--- START ---
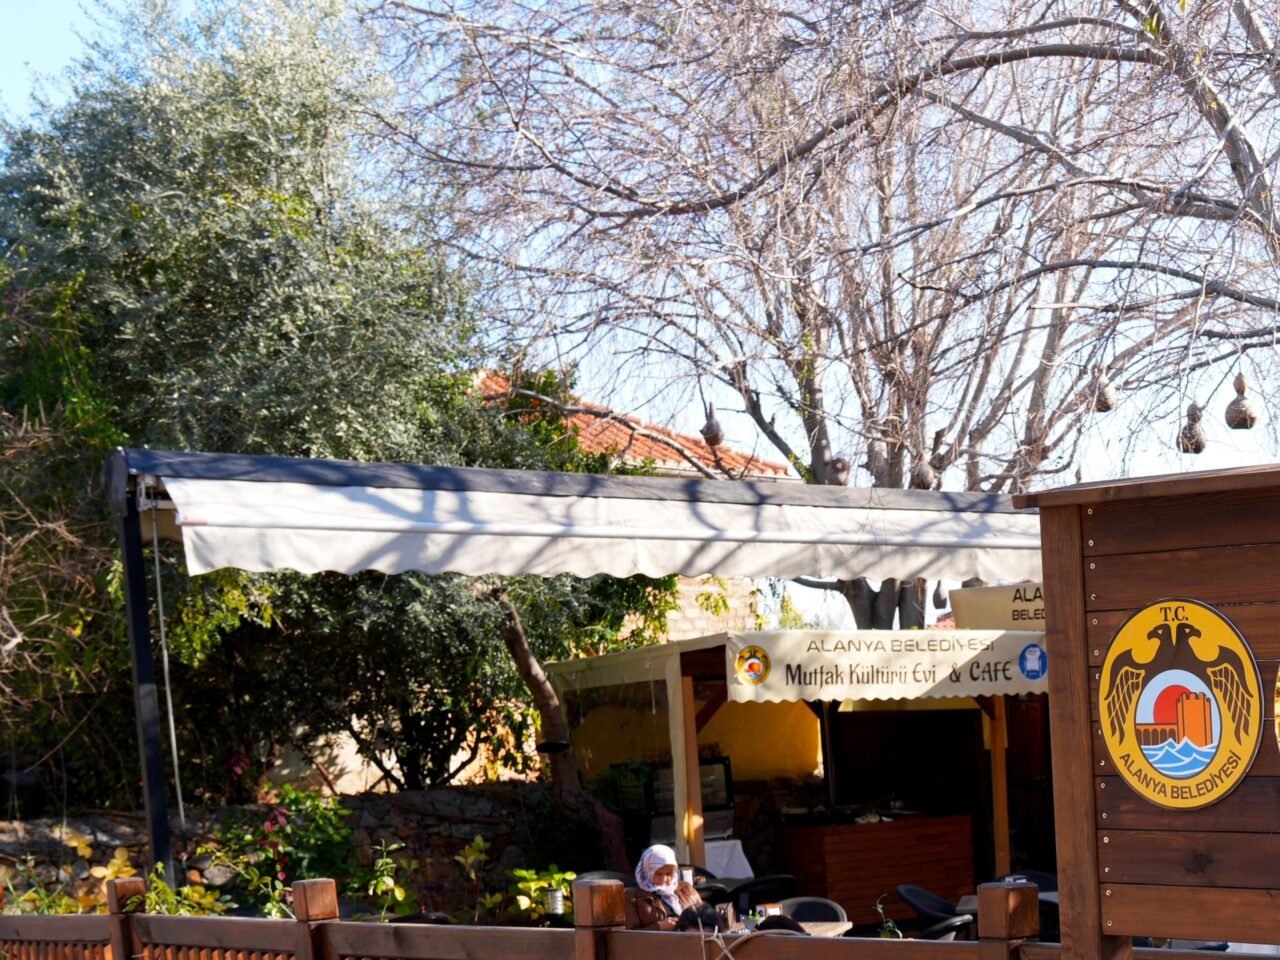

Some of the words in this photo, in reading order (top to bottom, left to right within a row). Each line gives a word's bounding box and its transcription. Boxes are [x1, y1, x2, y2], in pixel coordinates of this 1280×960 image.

[1012, 587, 1044, 603] ALA
[1159, 605, 1189, 622] T.C.
[806, 639, 887, 653] ALANYA
[785, 663, 844, 690] Mutfak
[913, 662, 937, 683] Evi
[949, 662, 962, 683] &
[969, 660, 1013, 682] CAFE
[1119, 753, 1168, 798] ALANYA
[1170, 749, 1242, 800] BELEDİYESİ
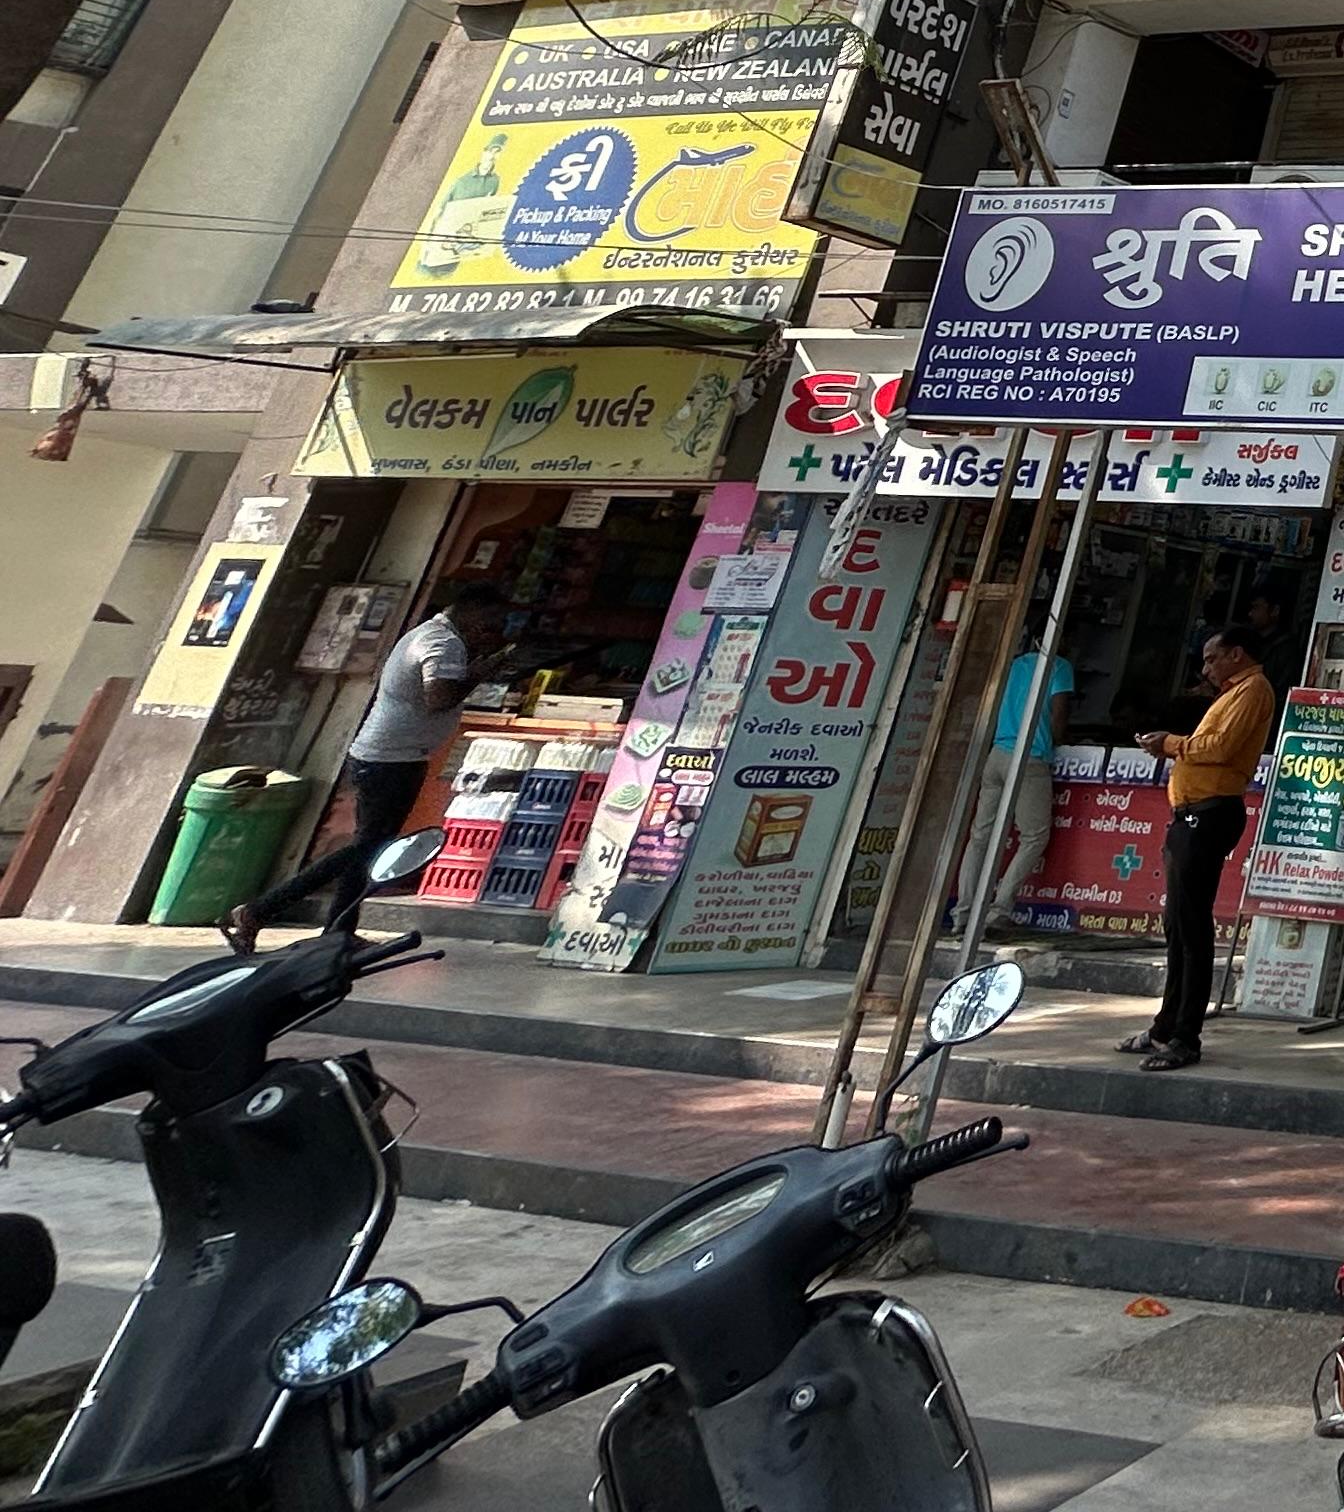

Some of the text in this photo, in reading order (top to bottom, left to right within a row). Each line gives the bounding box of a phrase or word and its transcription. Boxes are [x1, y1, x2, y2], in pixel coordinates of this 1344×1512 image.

[539, 44, 573, 63] UK
[604, 40, 650, 59] USA
[519, 58, 837, 92] AUSTRALIA NEW ZEALAN
[863, 90, 922, 156] સેવા
[977, 197, 1107, 211] MO. 8160517415
[513, 207, 551, 226] Pickup
[566, 205, 612, 226] Packing
[1091, 206, 1263, 310] श्रुति
[753, 285, 783, 312] 66
[935, 320, 1240, 344] SHRUTI VISPUTE (BASLP)
[929, 345, 1138, 366] (Audiologist & Speech
[923, 365, 1136, 386] Language Pathologist)
[917, 384, 1122, 404] RCI REG NO A70195
[385, 384, 656, 430] વેલકમ પાન પાર્લર
[1257, 399, 1278, 413] CIC
[1309, 401, 1329, 414] ITC
[1237, 438, 1300, 464] સર્જીકલ
[442, 455, 473, 472] ઠંડા
[530, 454, 593, 473] નમકીન
[742, 716, 865, 738] જેનરીક દવાઓ
[740, 769, 778, 785] લાલ
[1254, 850, 1284, 876] HK
[1282, 862, 1311, 879] Relax
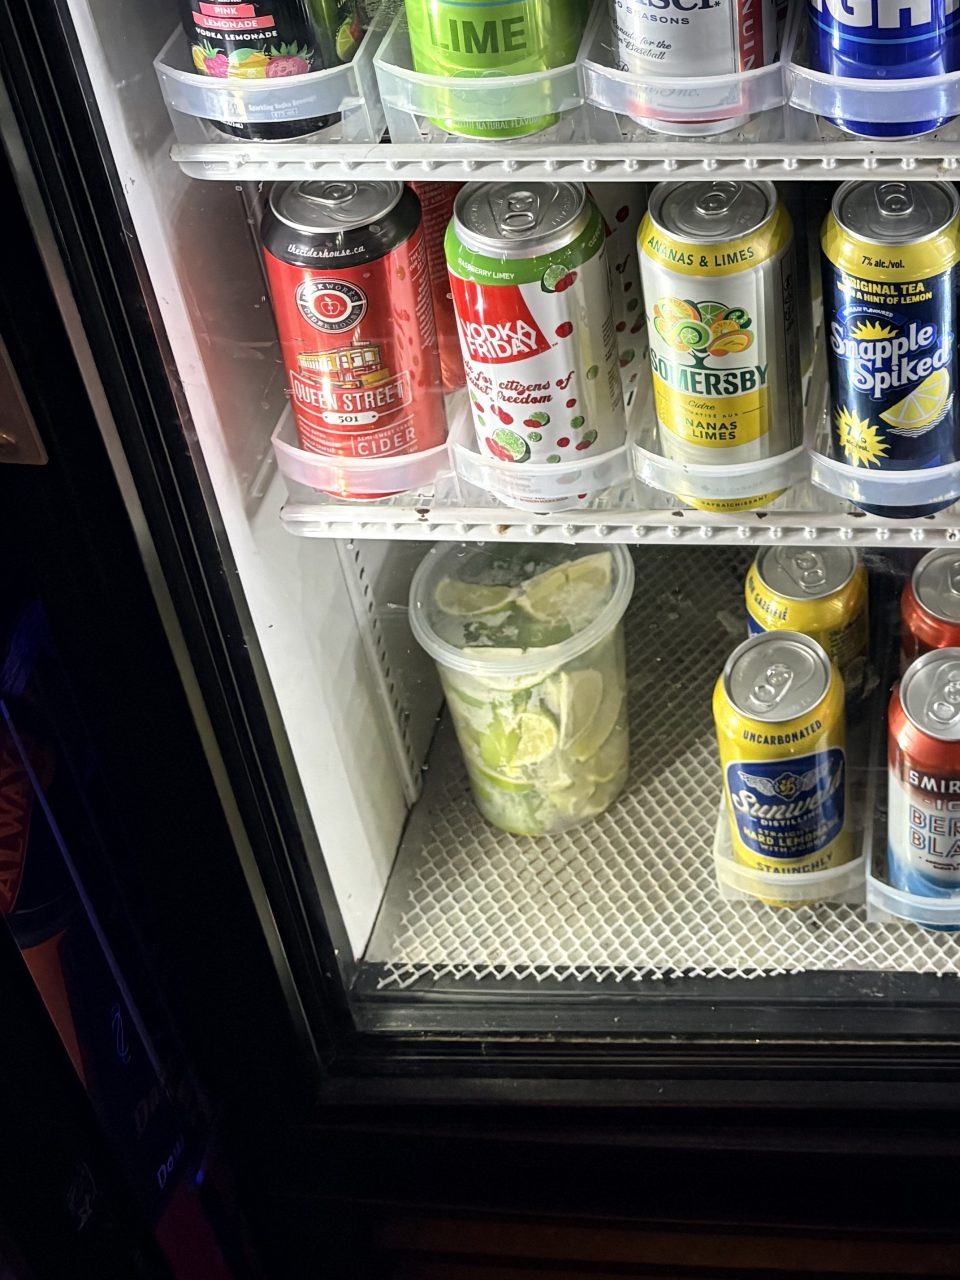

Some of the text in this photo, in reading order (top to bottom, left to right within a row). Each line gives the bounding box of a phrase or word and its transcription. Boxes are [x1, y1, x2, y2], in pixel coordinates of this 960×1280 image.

[203, 18, 258, 29] LEMONADE
[429, 15, 528, 54] LIME
[287, 242, 366, 259] theciderhouse.ca
[647, 235, 755, 268] ANANAS & LIMES
[861, 255, 905, 270] 7% alc./vol.
[900, 282, 925, 294] TEA
[900, 291, 933, 305] LEMON
[462, 319, 534, 342] VODKA
[830, 319, 934, 366] Snapple
[467, 334, 538, 359] FRIDAY
[649, 347, 770, 397] SOMERSBY
[852, 337, 951, 399] Spiked
[498, 370, 575, 394] citizens of
[294, 379, 406, 412] QUEEN STREET
[338, 415, 359, 423] 501
[357, 426, 417, 456] CIDER
[692, 430, 737, 441] LIMES
[844, 421, 867, 445] 7%
[743, 719, 823, 745] UNCARBONATED
[744, 826, 774, 845] HARD
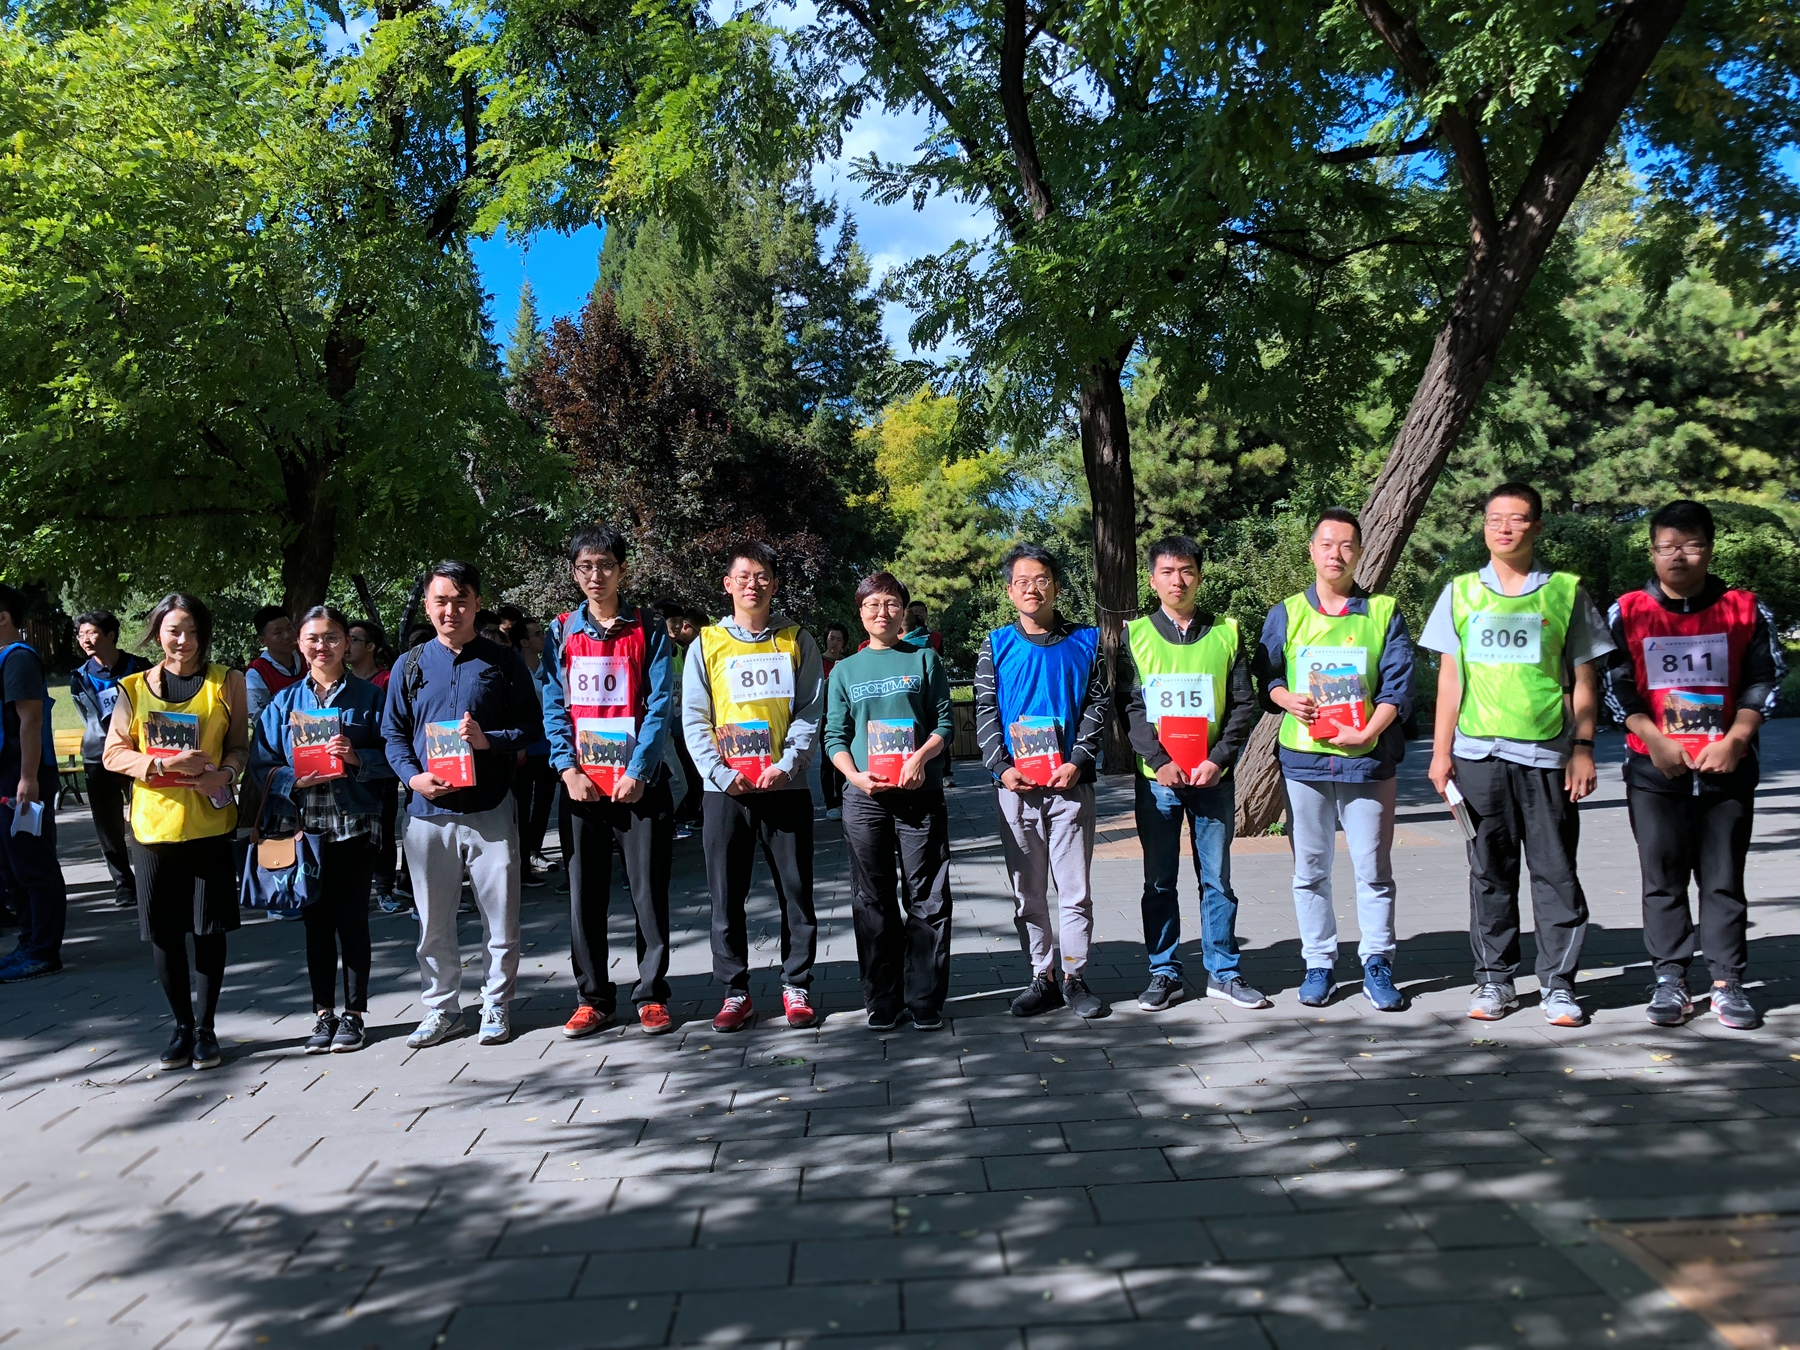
--- END ---
> **TASK DETAILS**: Print the material above verbatim except the pictures.

> **THE ANSWER**:
Some of the words in this photo, in reading order (top to bottom, left to right within a row). Each line gives a word's bounding box and its transcription. Boxes are [x1, y1, x2, y2], in pixel coordinates of this 1280×960 image.

[1012, 587, 1044, 603] ALA
[1159, 605, 1189, 622] T.C.
[806, 639, 887, 653] ALANYA
[785, 663, 844, 690] Mutfak
[913, 662, 937, 683] Evi
[949, 662, 962, 683] &
[969, 660, 1013, 682] CAFE
[1119, 753, 1168, 798] ALANYA
[1170, 749, 1242, 800] BELEDİYESİ

Some of the text in this photo, in reading order (top to bottom, left to right within a row). Each line gives the bounding box of a phrase or word and its transcription. Boxes are [x1, y1, x2, y2], in pixel coordinates of this 1344×1512 image.

[539, 44, 573, 63] UK
[604, 40, 650, 59] USA
[519, 58, 837, 92] AUSTRALIA NEW ZEALAN
[863, 90, 922, 156] સેવા
[977, 197, 1107, 211] MO. 8160517415
[513, 207, 551, 226] Pickup
[566, 205, 612, 226] Packing
[1091, 206, 1263, 310] श्रुति
[753, 285, 783, 312] 66
[935, 320, 1240, 344] SHRUTI VISPUTE (BASLP)
[929, 345, 1138, 366] (Audiologist & Speech
[923, 365, 1136, 386] Language Pathologist)
[917, 384, 1122, 404] RCI REG NO A70195
[385, 384, 656, 430] વેલકમ પાન પાર્લર
[1257, 399, 1278, 413] CIC
[1309, 401, 1329, 414] ITC
[1237, 438, 1300, 464] સર્જીકલ
[442, 455, 473, 472] ઠંડા
[530, 454, 593, 473] નમકીન
[742, 716, 865, 738] જેનરીક દવાઓ
[740, 769, 778, 785] લાલ
[1254, 850, 1284, 876] HK
[1282, 862, 1311, 879] Relax

Some of the text in this photo, in reading order (top to bottom, left to right within a row). Each line gives the bounding box of a phrase or word and its transcription. Boxes are [x1, y1, x2, y2], in pixel coordinates of this 960×1280 image.

[203, 18, 258, 29] LEMONADE
[429, 15, 528, 54] LIME
[287, 242, 366, 259] theciderhouse.ca
[647, 235, 755, 268] ANANAS & LIMES
[861, 255, 905, 270] 7% alc./vol.
[900, 282, 925, 294] TEA
[900, 291, 933, 305] LEMON
[462, 319, 534, 342] VODKA
[830, 319, 934, 366] Snapple
[467, 334, 538, 359] FRIDAY
[649, 347, 770, 397] SOMERSBY
[852, 337, 951, 399] Spiked
[498, 370, 575, 394] citizens of
[294, 379, 406, 412] QUEEN STREET
[338, 415, 359, 423] 501
[357, 426, 417, 456] CIDER
[692, 430, 737, 441] LIMES
[844, 421, 867, 445] 7%
[743, 719, 823, 745] UNCARBONATED
[744, 826, 774, 845] HARD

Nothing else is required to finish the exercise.